Vor der Presse nahm Lucien Favre nach dem Debakel gegen Marseille kein Blatt vor den Mund. Der Waadtländer Nice-Trainer beklagte die mangelnde Durchschlagskraft seiner Spieler und den fehlenden Mut, höher zu spielen. Zu keinem Zeitpunkt konnten die 31'418 Zuschauer in Nizza daran glauben, dass ihre Mannschaft gegen den verhassten Feind zurück ins Spiel finden könnte.
Trotz dieser Niederlage zeigten die Heimfans eine gewisse Nachsicht. Die Erinnerung an den grossartigen Kampf drei Tage zuvor gegen Maccabi Tel-Aviv, als man sich mit zehn gegen elf durch ein Tor aus dem Nichts für die Gruppenphase der Conference League qualifizierte, und die Wertschätzung für einen Trainer, der ihnen vor sechs Jahren eine Traumsaison beschert hatte, erklären zweifellos die verhältnismässig friedliche Haltung der Ultras. Aber ihre Geduld hat Grenzen. Die Schonfrist, in deren Genuss Lucien Favre noch kommt, ist bald vorbei.
Favre ist sich dessen sehr wohl bewusst. Als 18. der Ligue 1 – mit zwei Unentschieden und zwei Niederlagen – muss Nice reagieren. Am Mittwoch geht es nach Lille, bevor es am Sonntag gegen Monaco zu einem weiteren Derby kommt. «Es liegt an mir, den Schlüssel zu finden», sagt Favre. Nach der Pleite am Sonntag ist er bereit, die Spieler – unabhängig von ihrem Status – und auch das Spielsystem zu ändern, damit seine Mannschaft nicht so überfordert ist wie gegen Marseille.
Auch hofft er, dass die Verantwortlichen ihre Bemühungen beschleunigen, um bis zum Ende der Transferperiode noch einige Verstärkungen zu verpflichten; am liebsten je einen Innen- und Aussenverteidiger und je einen Flügel- und Mittelstürmer. Fraglich bleibt allerdings, ob die Besitzer dazu Lust haben. Denn Ineos ist nach dem im Frühling gescheiterten Versuch, Chelsea zu übernehmen, nun in die Verhandlungen für eine Übernahme von Manchester United involviert.
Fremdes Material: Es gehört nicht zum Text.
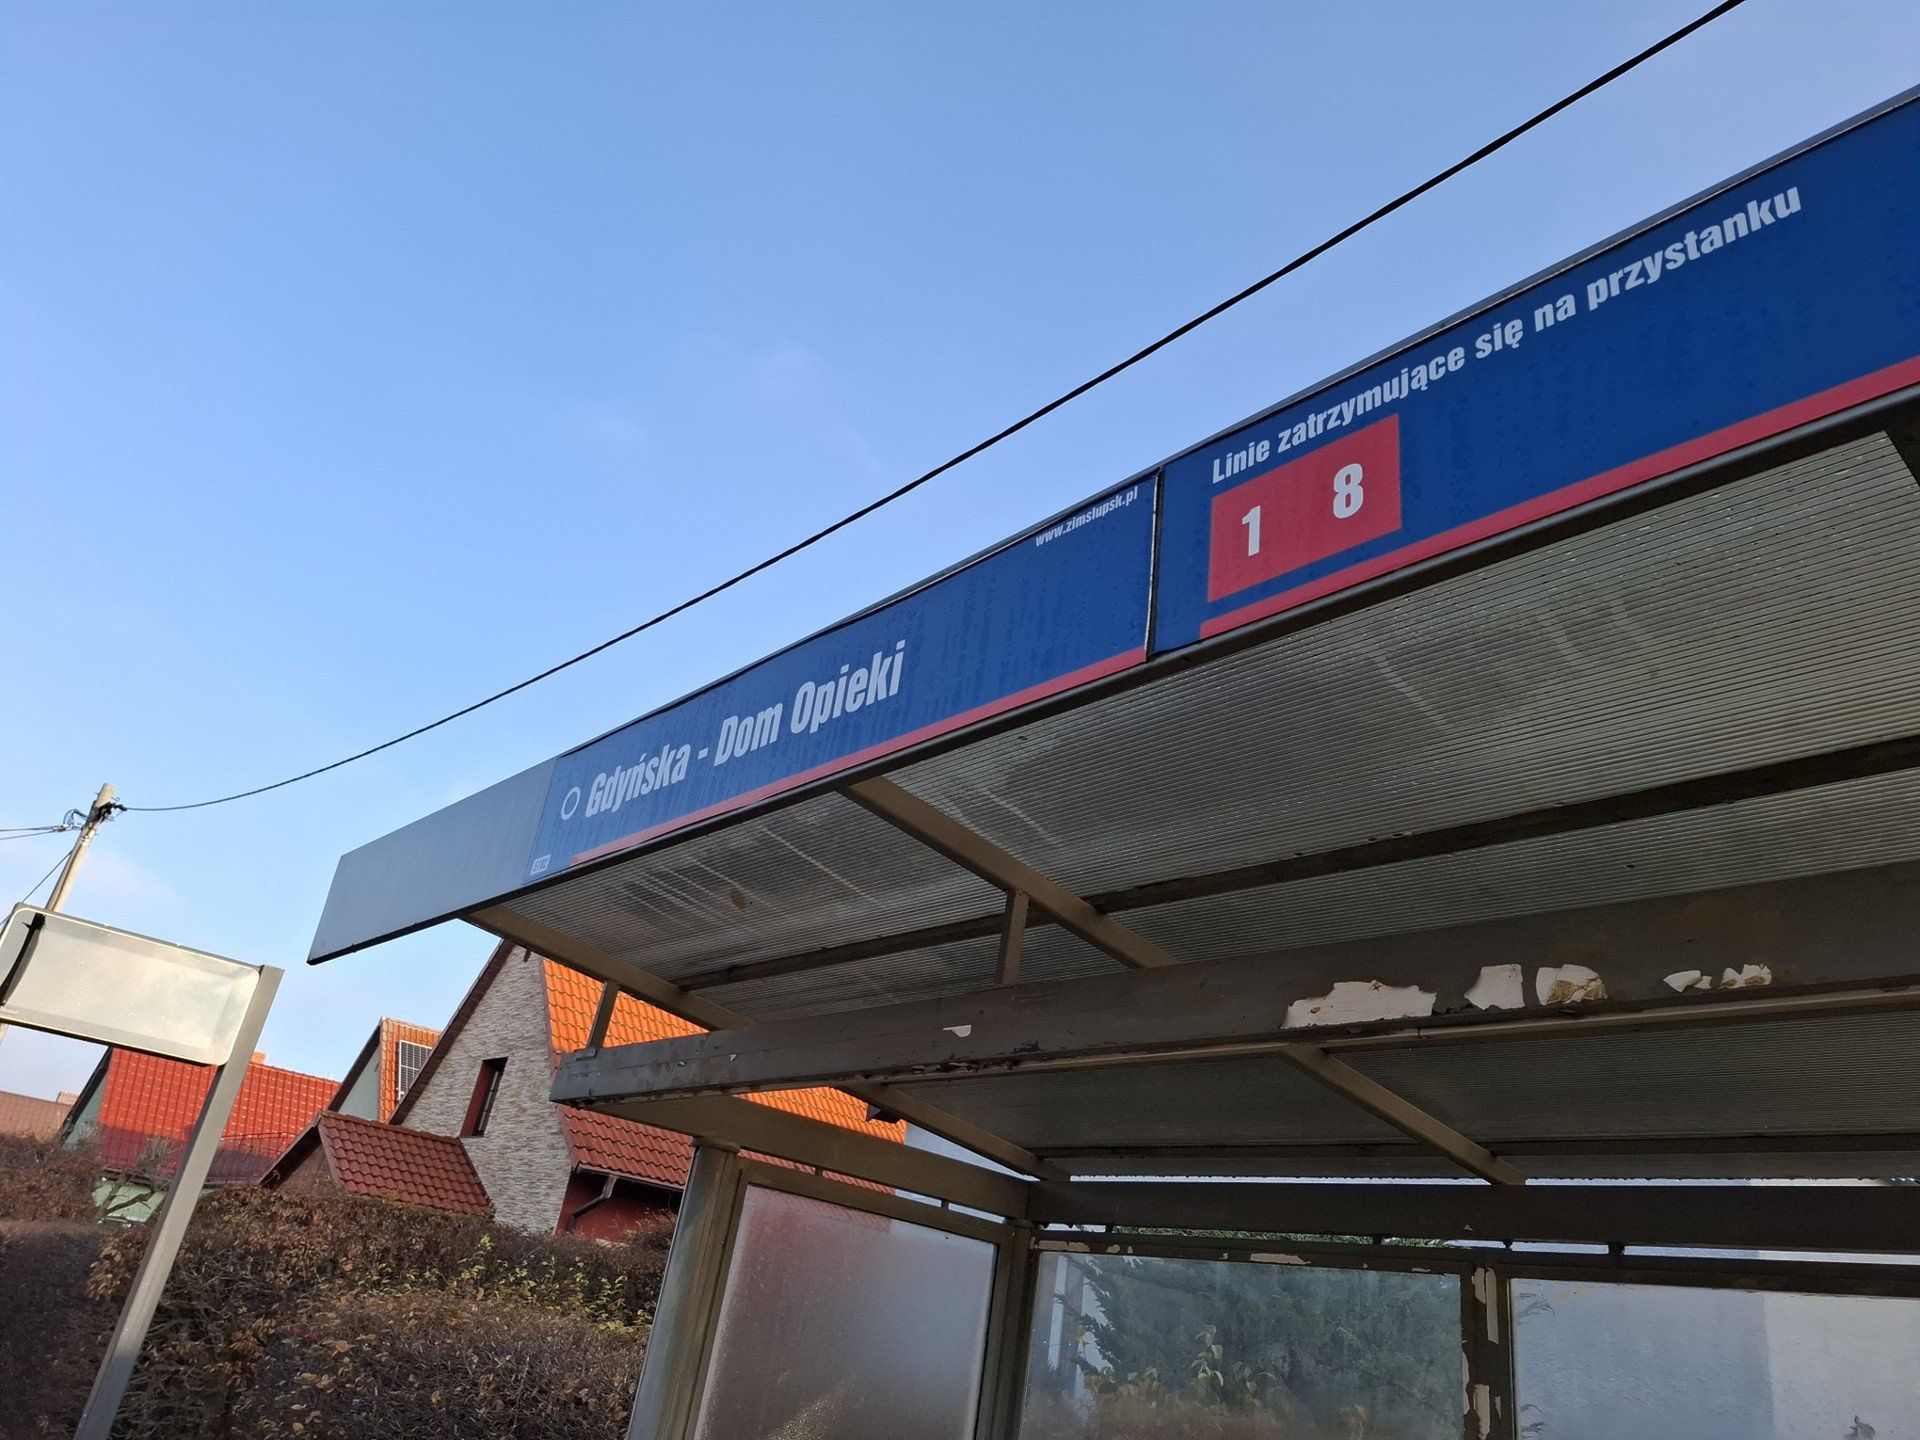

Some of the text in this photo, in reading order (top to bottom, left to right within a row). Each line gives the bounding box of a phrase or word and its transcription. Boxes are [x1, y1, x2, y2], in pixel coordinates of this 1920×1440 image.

[1212, 186, 1802, 484] Linie zatrzymujące się na przystanku
[1035, 485, 1138, 547] www.zimslupsk.pl
[1241, 463, 1364, 557] 1 8
[585, 743, 692, 818] Gdyńska
[713, 702, 783, 767] Dom
[790, 639, 906, 735] Opieki
Auch die Leistungen von Goalie Kasper Schmeichel lassen zu wünschen übrig. Der Däne strahlt seit seiner Ankunft in Nizza keine Sicherheit aus. An den drei Gegentoren gegen Marseille war er nicht unschuldig. Seine Leistung stand damit klar im Gegensatz zu derjenigen am Vortag von Yann Sommer, der eigentlich der Torhüter Nummer 1 bei der OGC Nice hätte werden sollen. «Ich habe mich wirklich für den Transfer von Yann Sommer zu uns eingesetzt. Leider hat er sich entschieden, in Mönchengladbach zu bleiben», sagt Favre. Der Basler Goalie zeigte beim Unentschieden der Borussia gegen die Bayern am Samstag nicht weniger als 19 Paraden.
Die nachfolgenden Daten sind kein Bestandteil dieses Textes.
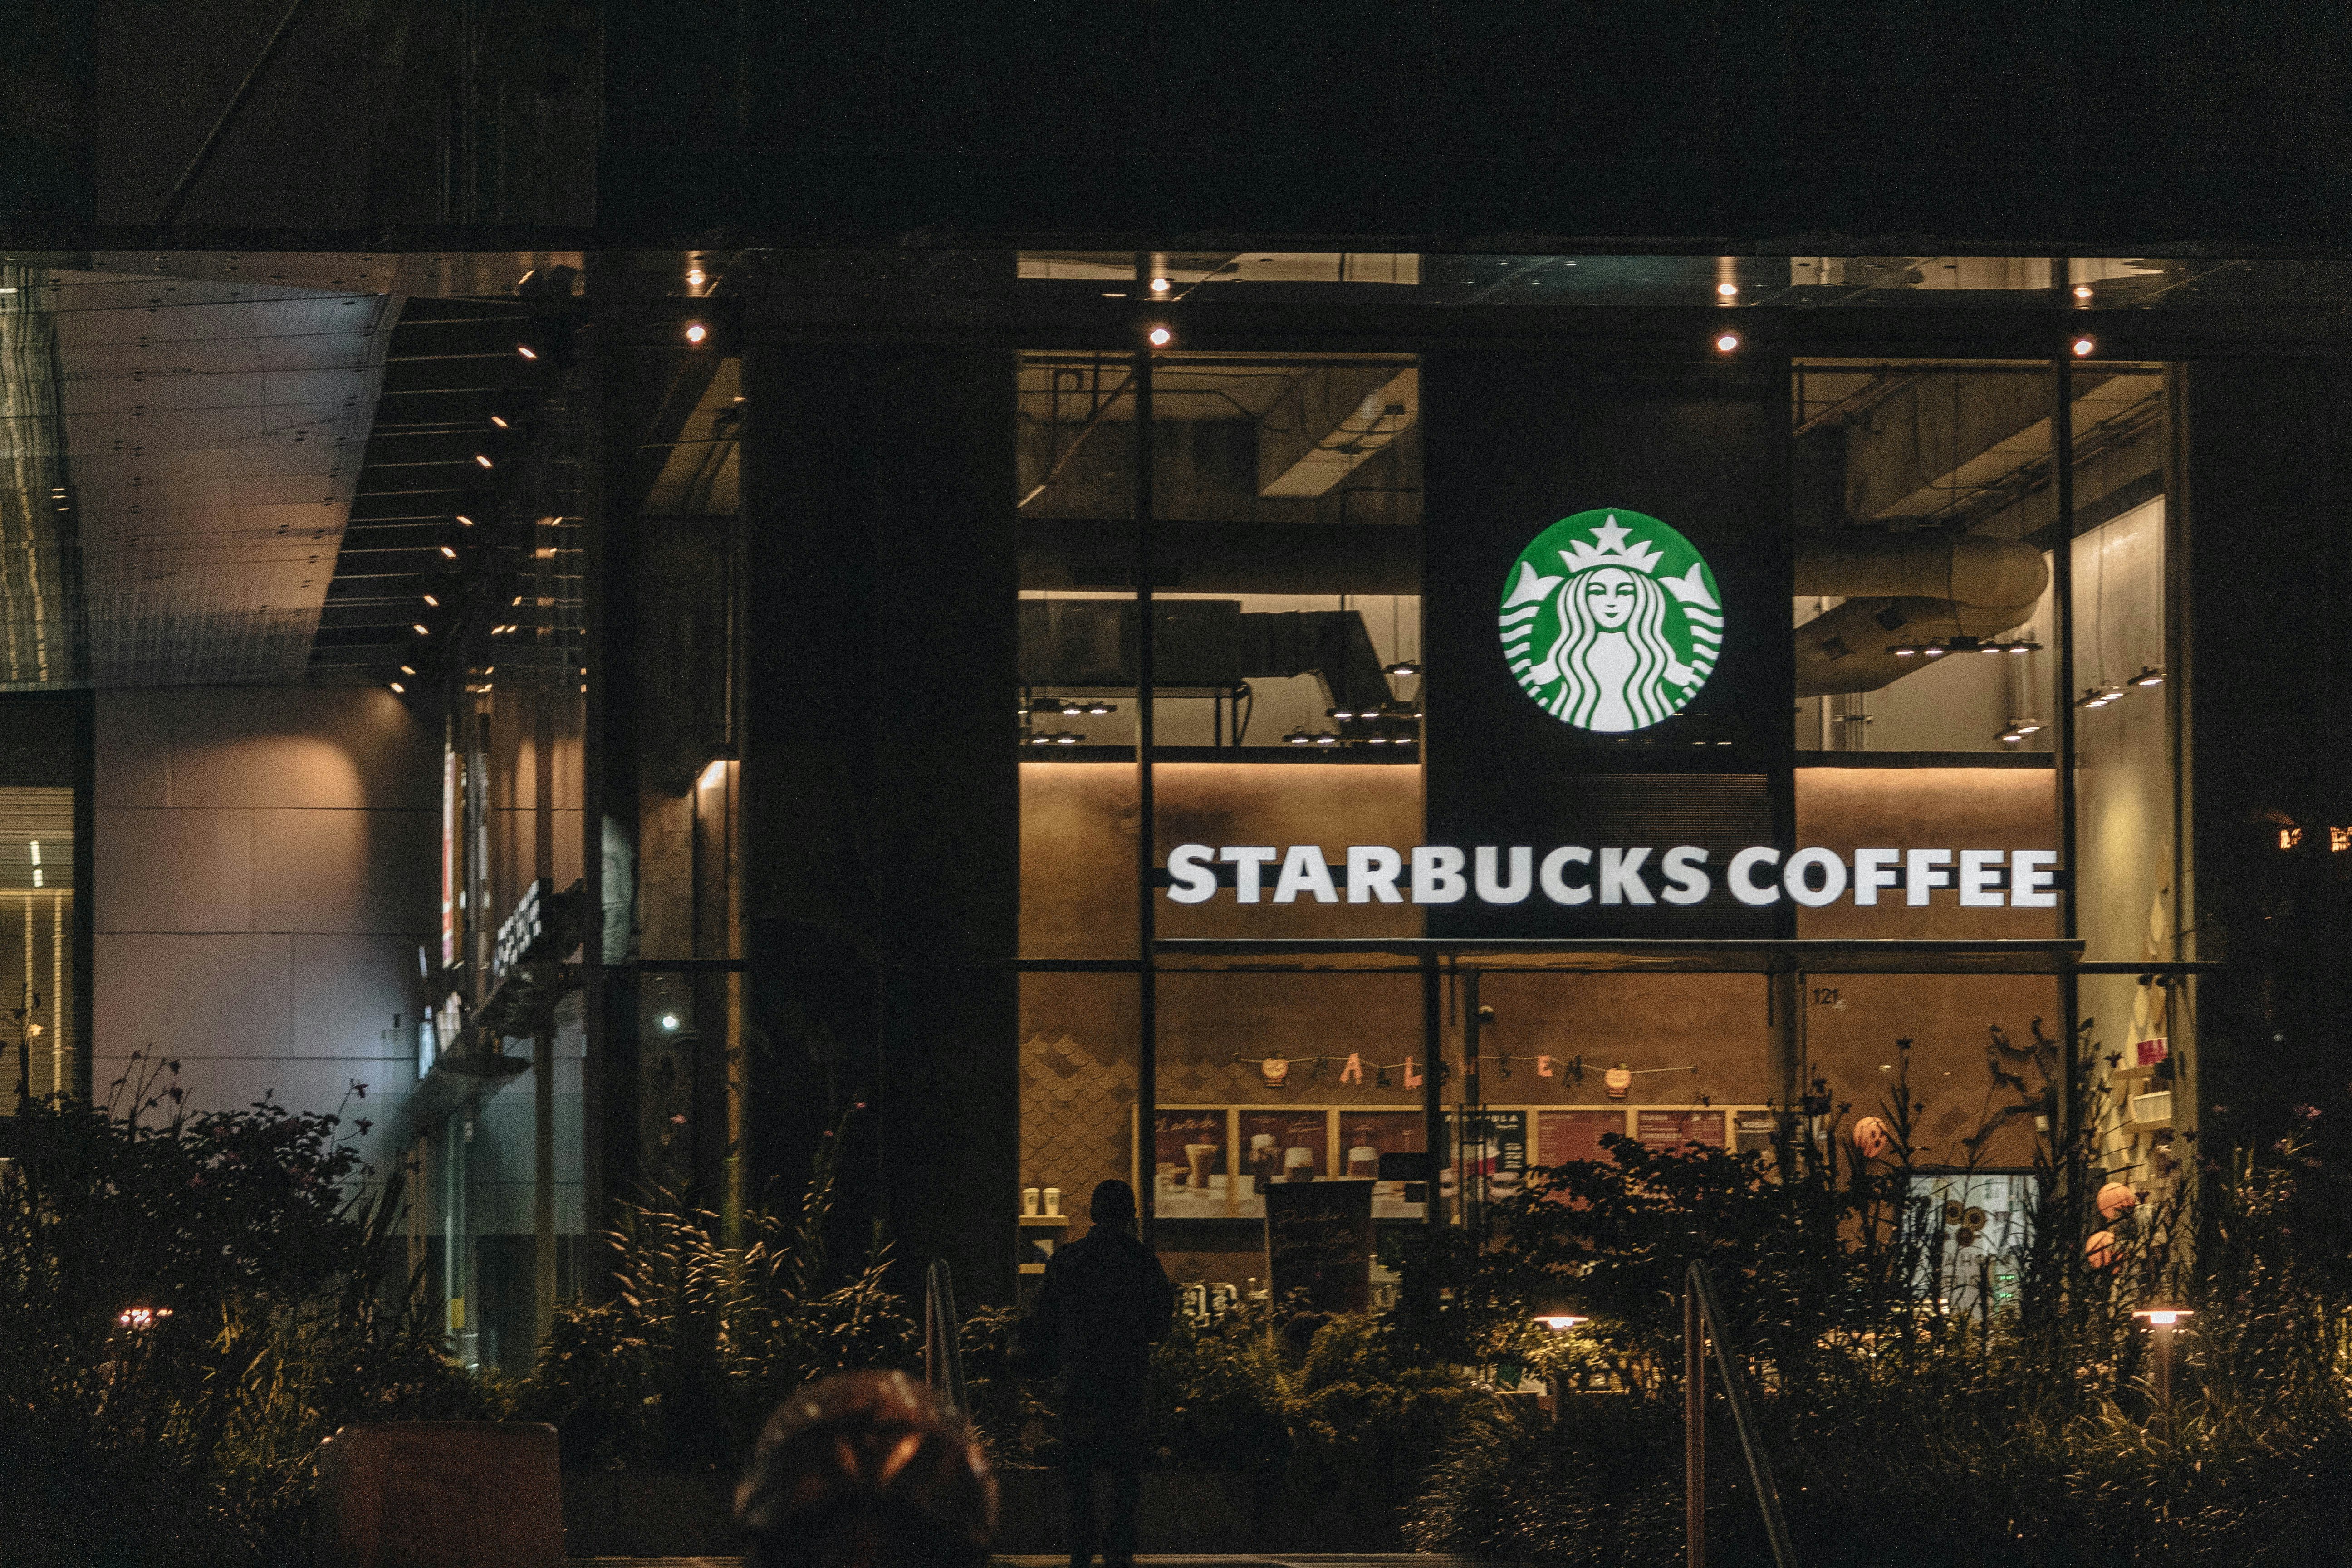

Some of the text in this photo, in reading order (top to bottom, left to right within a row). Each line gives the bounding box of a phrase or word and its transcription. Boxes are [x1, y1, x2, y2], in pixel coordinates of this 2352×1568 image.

[1166, 843, 2057, 907] STARBUCKS COFFEE
[1813, 988, 1838, 1004] 121
Mit der Verpflichtung von Aaron Ramsey und Nicolas Pépé ist Ineos ein gewisses Risiko eingegangen. Der Waliser und der Ivorer kamen zu Nice, nachdem sie in den letzten drei Saisons fast ausschliesslich auf der Bank gesessen hatten. Werden sie in der Lage sein, ihr früheres Niveau zu erreichen? Favre erhält Recht, wenn er sagt: «Ein Verein wie Nice hat trotz der Mittel, die er einsetzen kann, Schwierigkeiten, grosse Spieler zu verpflichten. Mit 24 oder 25 Jahren will man in der Champions League spielen, wenn man stark ist.»
Nach Nizza kamen deshalb hauptsächlich jüngere Spieler wie Alexis Beka Beka (21 Jahre), Mattia Viti (20) und Rares Ilie (19). Auch deshalb brauche die Mannschaft «Zeit, um zu wachsen», sagt der Waadtländer Trainer. Nichtsdestotrotz verlangt die unmittelbare Zukunft eine Reaktion noch in dieser Woche, damit das Projekt OGC Nice glaubwürdig bleibt. (pre/sda)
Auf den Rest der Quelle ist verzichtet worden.